Odyssée 2021 (#350) – « Rêve débile »

Encore une fête des voisins sans moi. Je suis folle de rage. Quelle bande de merdeux snobinards !
Mais, tout à leur bêtise et à leur ivresse, ils n’ont jamais démasqué les mauvais tours que je leur joue. À chacune de ces soirées, je me déguise, je prends l’allure de l’un des jeunes de la résidence. Je deviens transformiste. Quel amusement !
J’enfile une robe, un pantalon, j’accessoirise le tout ; soit avec une perruque soit avec un chapeau, soit avec les deux. Je me maquille, j’arrange mes cheveux. Une fois métamorphosée et prête à jouer un rôle d’emprunt nourri de toutes mes observations de leur gestuelle, je frappe à la porte de l’un de ces voisins sans amitié qui reçoit ce soir-là. Je sais si bien y faire que, jusqu’à ce jour, personne ne m’a démasquée.

Ce soir, j’enrage plus que d’habitude. C’est le Réveillon et je suis seule, complètement seule devant ma télé avec ma tranche de truite saumonée. Ce soir, je les entends, avinés, hurler des tonnes de chansons dont celles de ma chanteuse préférée. Cela excite ma rage : c’est aussi la mienne, je la suis depuis des années.
Tiens donc ! Britney Spears va même donner un gala ce soir au Palais des Congrès. J’ai décidé d’aller loin, très loin ; de me venger de ce sort injuste et de leur jouer un mauvais tour. Je vais leur faire payer leur mépris, leur méchanceté à ne pas m’inviter.

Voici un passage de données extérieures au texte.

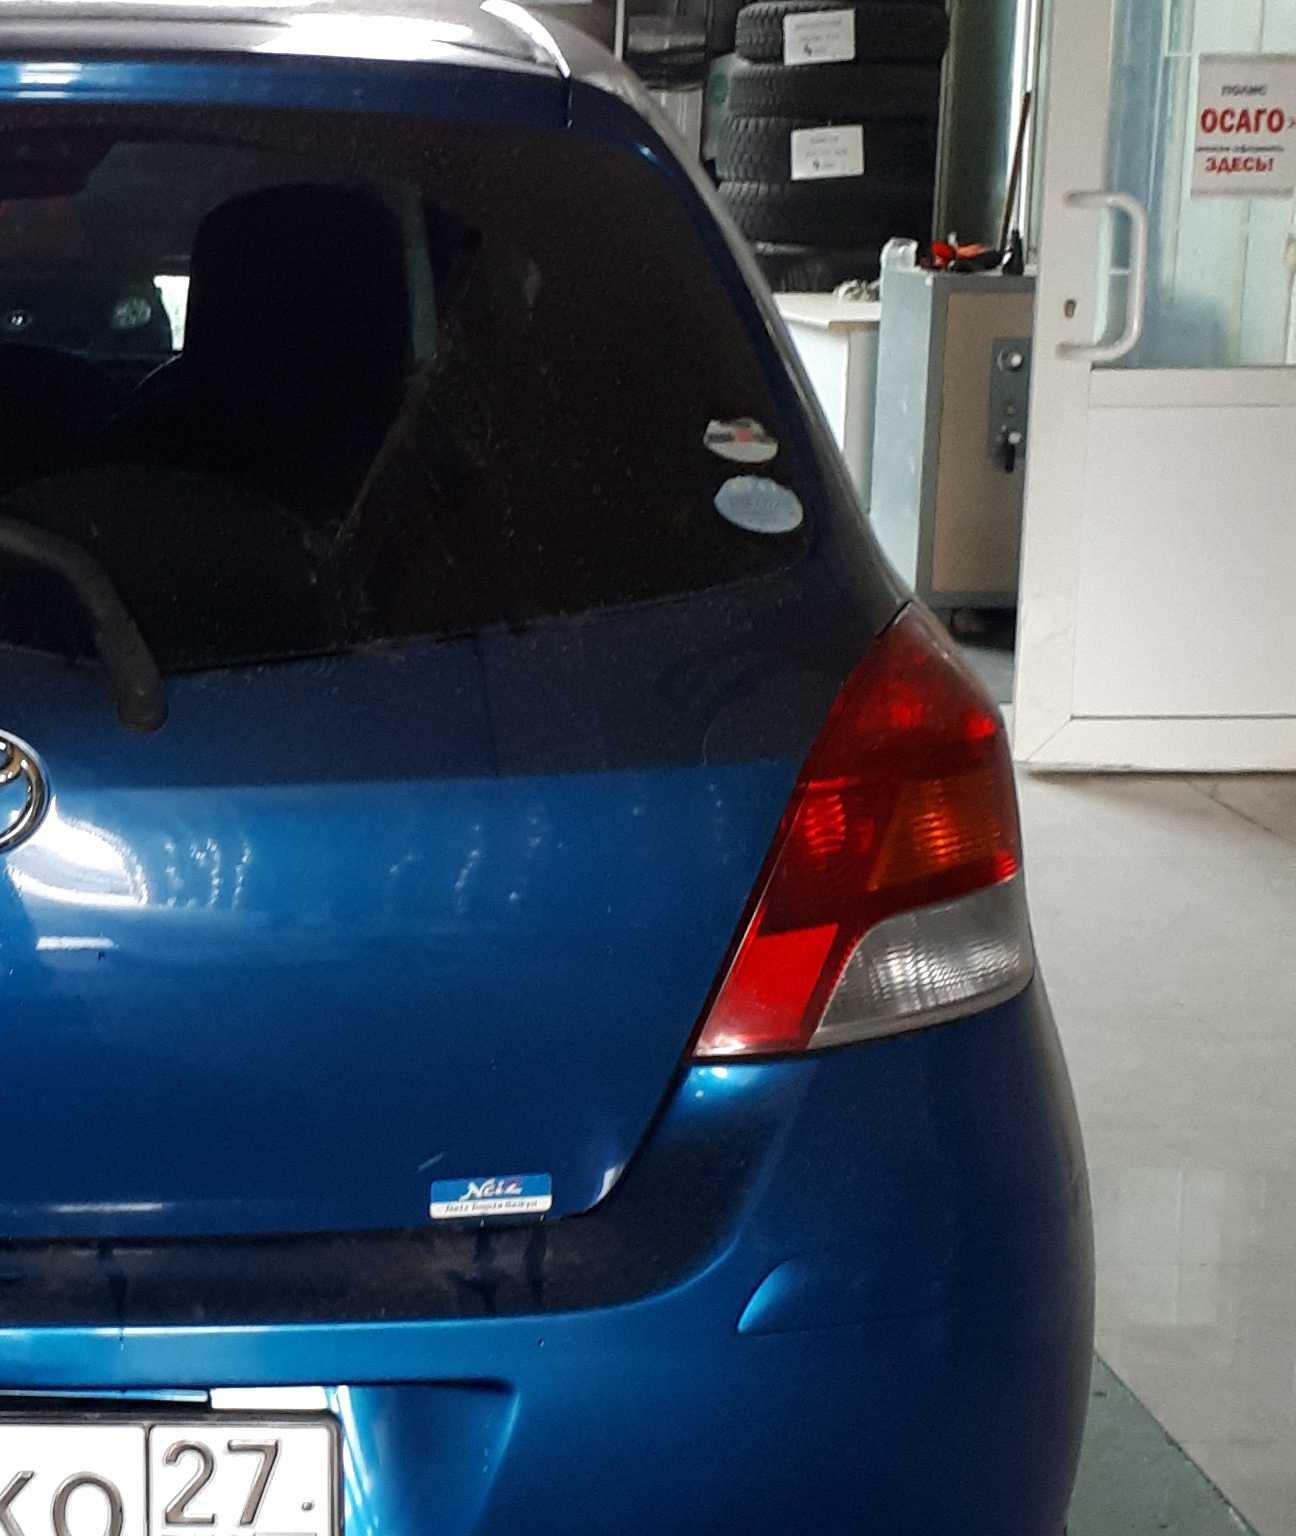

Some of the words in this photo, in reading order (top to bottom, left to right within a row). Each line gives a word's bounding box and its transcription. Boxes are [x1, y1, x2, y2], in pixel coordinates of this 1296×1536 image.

[1200, 107, 1285, 133] ОСАГО
[1205, 156, 1274, 174] ЗДЕСЬ!
[162, 1438, 281, 1526] 27

Facile ! Britney Spears et moi avons la même silhouette, les mêmes cheveux. Soigneusement, je me transforme de pied en cap. Je sors de chez moi, je fais le tour de la résidence pour faire croire au hasard. Dans le hall Adèle du bâtiment C me rejoint. Elle ne fait pas attention. Avec elle, je gravis les étages. Je marque une halte de quelques secondes, le cœur battant, devant la porte du lieu où je vais commettre mon forfait. Elle sonne.
Alexandre, ce grand bellâtre imbécile nous ouvre la porte. Il la regarde, il me regarde et, de stupéfaction, ouvre grand sa bouche idiote en m’avisant ! L’Adèle aussi stoppe net. Arrêt sur image. Profitant de leur état, je rentre et renouvelle, au fil de mes pas, l’état de stupéfaction sur le visage de chaque fêtard. Seule la musique, au maximum, continuait de tambouriner aux murs de l’ambiance en pause. Ils étaient tous si pris de boisson qu’ils ne se rendaient absolument pas compte de la supercherie. En Britney Spears, je fais parfaitement illusion. Jusque-là, tout se passe comme prévu.

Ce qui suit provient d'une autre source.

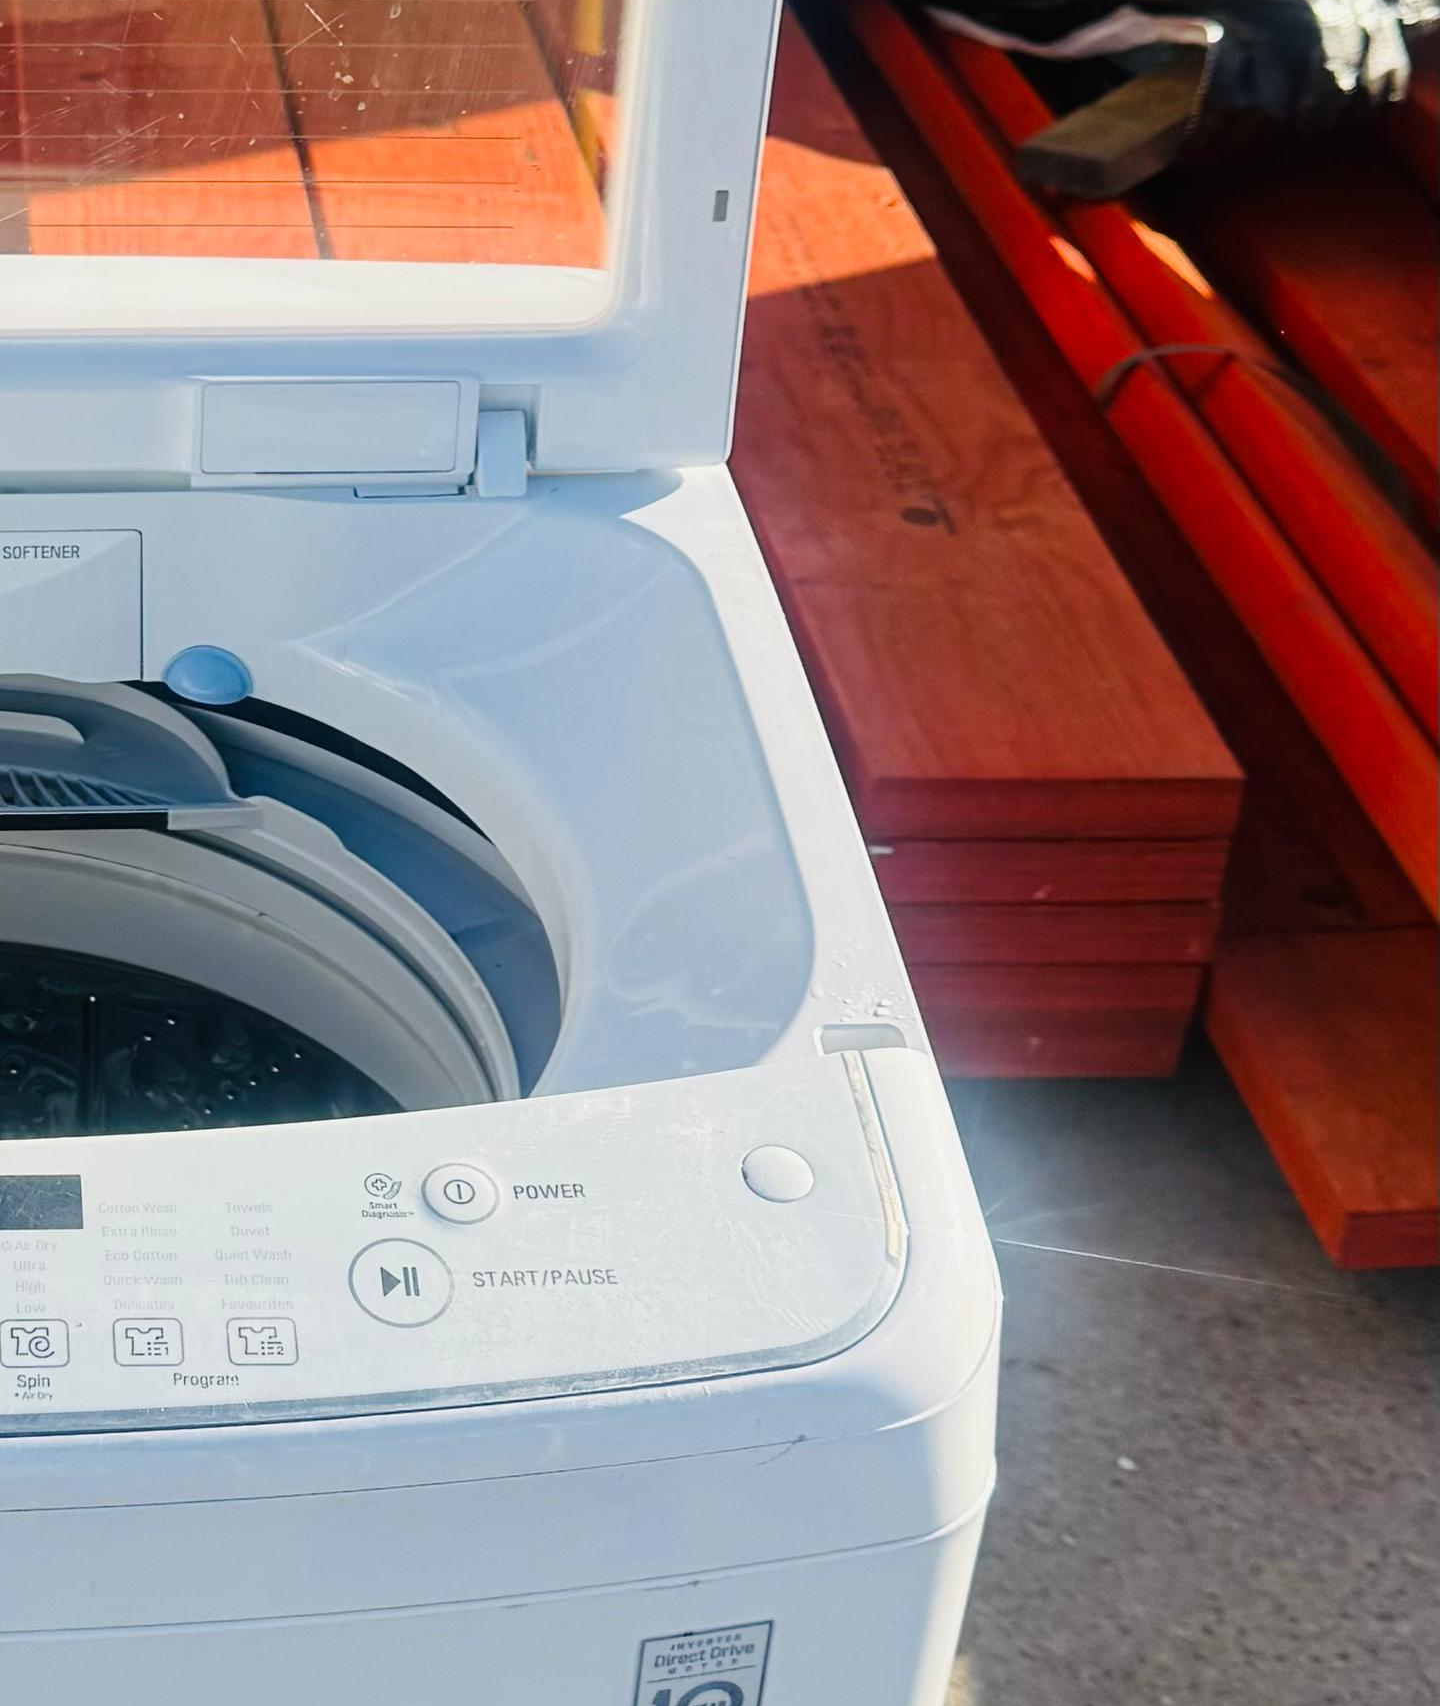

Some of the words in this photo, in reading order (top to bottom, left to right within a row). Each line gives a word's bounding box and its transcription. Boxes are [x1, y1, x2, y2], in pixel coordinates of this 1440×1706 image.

[2, 544, 81, 560] SOFTENER
[513, 1183, 586, 1200] POWER
[98, 1202, 139, 1213] Cotton
[141, 1201, 177, 1213] Wash
[224, 1201, 274, 1213] Towels
[368, 1201, 398, 1210] Smart
[101, 1226, 137, 1237] Extra
[230, 1225, 271, 1237] Duvet
[35, 1240, 58, 1253] Dry
[104, 1250, 129, 1261] Eco
[132, 1250, 177, 1261] Cotton
[214, 1248, 249, 1262] Quiet
[251, 1248, 292, 1261] Wash
[13, 1259, 46, 1271] Ultra
[103, 1274, 139, 1286] Quick
[142, 1273, 183, 1286] Wash
[223, 1273, 247, 1285] Tub
[251, 1273, 289, 1285] Clean
[472, 1268, 619, 1288] START/PAUSE
[15, 1280, 45, 1294] High
[15, 1302, 46, 1315] Low
[114, 1299, 175, 1311] Delicates
[221, 1297, 295, 1310] Favourites
[16, 1374, 51, 1390] Spin
[172, 1372, 241, 1389] Program
[669, 1633, 742, 1651] INVERTER
[654, 1650, 707, 1668] Direct
[709, 1643, 755, 1659] Drive
[667, 1658, 739, 1675] MOTOR

Un à un, ils reprennent vie. Ils se mettent à crier leur étonnement, leur joie. Soudain, le tube « Baby One More Time » résonne. Je connais parfaitement les paroles. Alors, je me lance dans un show qui rend les filles complètement vertes et les garçons complètement dingues. C’est un succès complet. Je signe des autographes, pose avec chacun pour des selfies.
Plus tard, je magouille que j’ai entendu l’échos de mes chansons en passant dans leur rue en voiture sur le chemin du Palais des Congrès où je dois donner un concert dans une heure. Je leur propose de me rejoindre et d’assister au concert en VIP. Je leur dis même qu’ils pourront me retrouver à la fin dans ma loge. Mais bien sûr qu’ils tombent dans le panneau ! Bien sûr qu’ils acceptent !

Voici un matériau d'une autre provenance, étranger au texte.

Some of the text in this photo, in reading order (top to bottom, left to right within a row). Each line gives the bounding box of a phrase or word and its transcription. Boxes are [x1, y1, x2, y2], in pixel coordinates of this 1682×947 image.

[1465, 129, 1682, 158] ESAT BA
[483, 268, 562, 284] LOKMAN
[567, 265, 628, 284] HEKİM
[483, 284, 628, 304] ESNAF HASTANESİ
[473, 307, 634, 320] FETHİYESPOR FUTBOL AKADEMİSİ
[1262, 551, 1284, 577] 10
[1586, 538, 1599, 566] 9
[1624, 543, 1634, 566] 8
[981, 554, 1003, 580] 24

Les laissant à leur sidération, je retourne chez moi. Je me change pour enfiler mon pyjama moelleux. D’un œil perfide et mauvais, la chanson encore sur les lèvres, je regarde cette bande de joyeux imbéciles se précipiter vers leur moment de ridicule devant un Palais des Congrès illuminés aux couleurs de la fête des Anciens.

Sacrés crétins !

« Ahhhh !!! »
Sursaut ! En sueur ! Je remue un doigt, un autre, la main, pour accompagner ce bien mauvais réveil. Vilaine, la sensation boueuse dans laquelle je nage. Une autre vague, bien plus inconfortable, me submerge. Ma tête tape, mes yeux brûlent, mon foie pèse. J’ai la bouche pâteuse. Un à un les souvenirs reviennent. La soirée a été formidable ; j’ai battu le record de gin-tonics à la suite de la bande à Domi : 27 d’un coup.
Ce qui m’échappe, c’est ce qui s’est passé entre le vingt-septième et maintenant, entre le vingt-septième et mes tourments présents. Satanées beuveries ! Vraiment, rien que pour tous ces rêves complètement débiles, je ne recommencerai pas.